Investigação liderada pela Faculdade de Letras revela que mumificação pode ser mais antiga do que se pensava

A mumificação de cadáveres era mais comum na pré-história do que se sabia anteriormente, revela um novo estudo internacional, liderado por arqueólogos do Centro de Arqueologia da Universidade de Lisboa (UNIARQ) da Faculdade de Letras da Universidade de Lisboa e das Universidades de Uppsala e Linnaeus na Suécia, agora publicado no European Journal of Archaeology .

Investigadora Rita Peyroteo-Stjerna no Museu Nacional de Arqueologia, em Lisboa, a trabalhar com os esqueletos mesolíticos

Esta descoberta realizou-se nos sítios arqueológicos de concheiros do vale do Sado em Alcácer do Sal, datados de há cerca de 8.000 anos. Com esta investigação, e pela primeira vez, “existe evidência de práticas de mumificação até agora desconhecidas para períodos desta antiguidade”, revela Rita Peyroteo-Stjerna, uma das coordenadoras do estudo e investigadora da UNIARQ e da Universidade de Uppsala.

Os investigadores descobriram que, em pelo menos dois casos analisados em Arapouco e Poças de S. Bento, os cadáveres foram enterrados em estado dissecado e mumificado, em posições extremamente constrangidas, com as pernas flectidas e colocadas à frente do peito. Rita Peyroteo-Stjerna explica que “durante a decomposição cadavérica, é normal que os ossos se desarticulem ao nível das articulações mais fracas, mas nestes casos essas articulações foram mantidas”. O padrão de hiperflexão do esqueleto e a ausência de desarticulação poderão dever-se à colocação do corpo na sepultura, num estado dissecado como um cadáver mumificado, e não como cadáver fresco, sugere a investigação.

Os arqueólogos apontam, também, para o facto de “existir pouco ou nenhum sedimento entre os ossos destes indivíduos, enquanto as articulações foram mantidas pelo preenchimento contínuo do solo circundante evitando o colapso do esqueleto, apoiando a hipótese de os corpos terem sido dissecados antes do enterro”, acentua Rita Peyroteo-Stjerna.
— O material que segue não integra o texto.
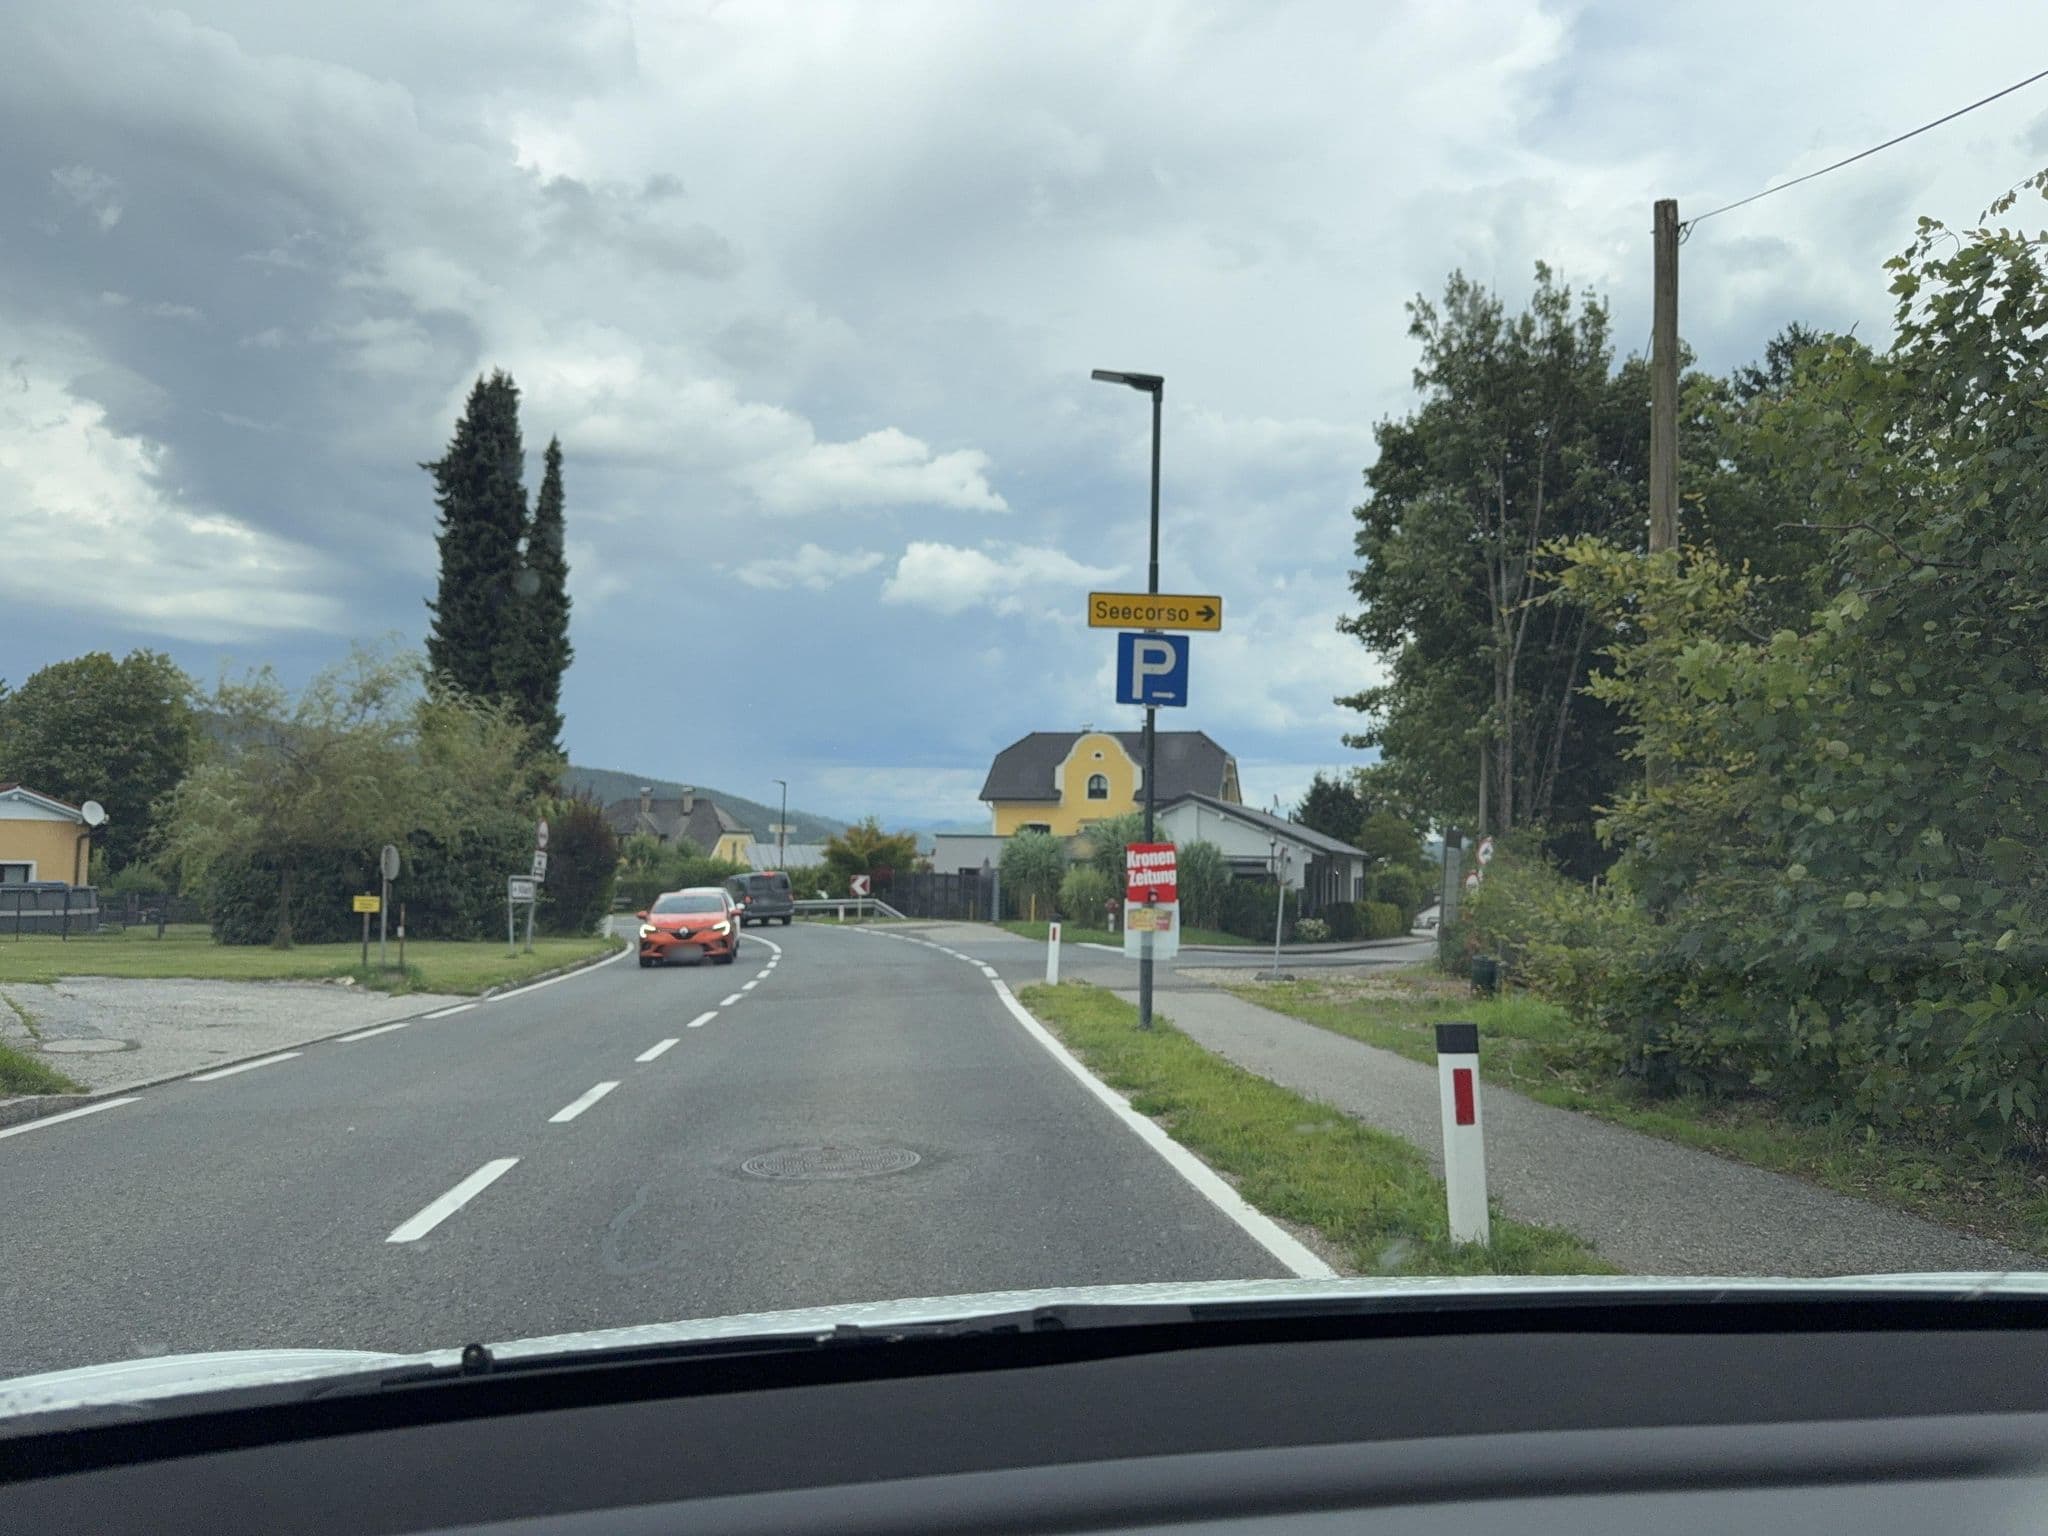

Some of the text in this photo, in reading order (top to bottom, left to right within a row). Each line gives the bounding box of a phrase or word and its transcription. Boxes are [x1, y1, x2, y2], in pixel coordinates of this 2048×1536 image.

Para este estudo, a equipa de investigação utilizou material fotográfico inédito das escavações realizadas nos anos sessenta de 1900 nos concheiros de Arapouco e Poças de S. Bento, no vale do Sado. A conjugação de métodos da arqueotanatologia com experimentação forense sobre decomposição humana foi essencial na análise da documentação.

Os dados agora revelados ressaltam a relevância dos locais de enterramento já durante a pré-história. A importância de se manter o cadáver preservado até que fosse possível o sepultamento torna-se também evidente, atribuindo-se desta forma significado ao corpo e ao local de sepultamento no Portugal Mesolítico há 8.000 anos.

A descoberta é ainda mais surpreendente porque, até agora, os exemplos mais antigos de mumificação intencional localizavam-se na região costeira do Deserto de Atacama no Chile. Aqui, era prática dos grupos de caçadores-recolectores mumificar cadáveres antes do enterramento dos mortos. Há cerca de 7.000 anos, os concheiros eram os lugares por excelência para enterros de cadáveres mumificados. Porém, a maioria das múmias que se preservam até aos dias de hoje são, em geral, muito mais recentes.

“A mumificação na Pré-história é um tópico de investigação desafiante, já que estamos em presença de casos em que os tecidos moles já não estão preservados. A esta dificuldade acresce a inexistência de relatos escritos para estes períodos. Para períodos tão antigos é muito raro encontrar vestígios de tecidos moles, mesmo quando dissecados, devido a questões de preservação ao longo do tempo”, diz Rita Peyroteo-Stjerna. Estes sinais são essenciais para reconhecer a dissecação do corpo após a morte, o que em climas temperados e húmidos pode revelar-se problemático. Nestas áreas, normalmente os tecidos moles dos cadáveres apenas se encontram preservados durante algumas centenas de anos.

A Arqueotanatologia, método utilizado nesta investigação, “permite aos arqueólogos reconstruirem como o cadáver foi tratado após a morte assim como a sua posição de enterramento, mesmo após vários milénios”, sublinha Rita Peyroteo-Stjerna. Os resultados da Arqueotanatologia foram conjugados com trabalho experimental sobre a decomposição de corpos mumificados, dirigido por Hayley Mickleburgh, uma das autoras deste estudo, no Centro de Investigação de Antropologia Forense da Universidade do Estado do Texas.

Rita Peyroteo-Stjerna revela, igualmente, que se “prevê que o estudo de ossadas humanas em sítios arqueológicos em Portugal continue a revelar novas descobertas, sobretudo com a integração de novos métodos de análise. Acreditamos que trabalhos futuros irão confirmar que a prática de mumificação como meio de preservação do cadáver é tão ou mais antiga do que o próprio ritual de enterramento”.

Este estudo abre, assim, novas linhas de investigação sobre as práticas funerárias dos últimos caçadores-recolectores, incluindo a preocupação central em manter a integridade do corpo antes do enterramento, controlando a transformação natural do cadáver através da mumificação.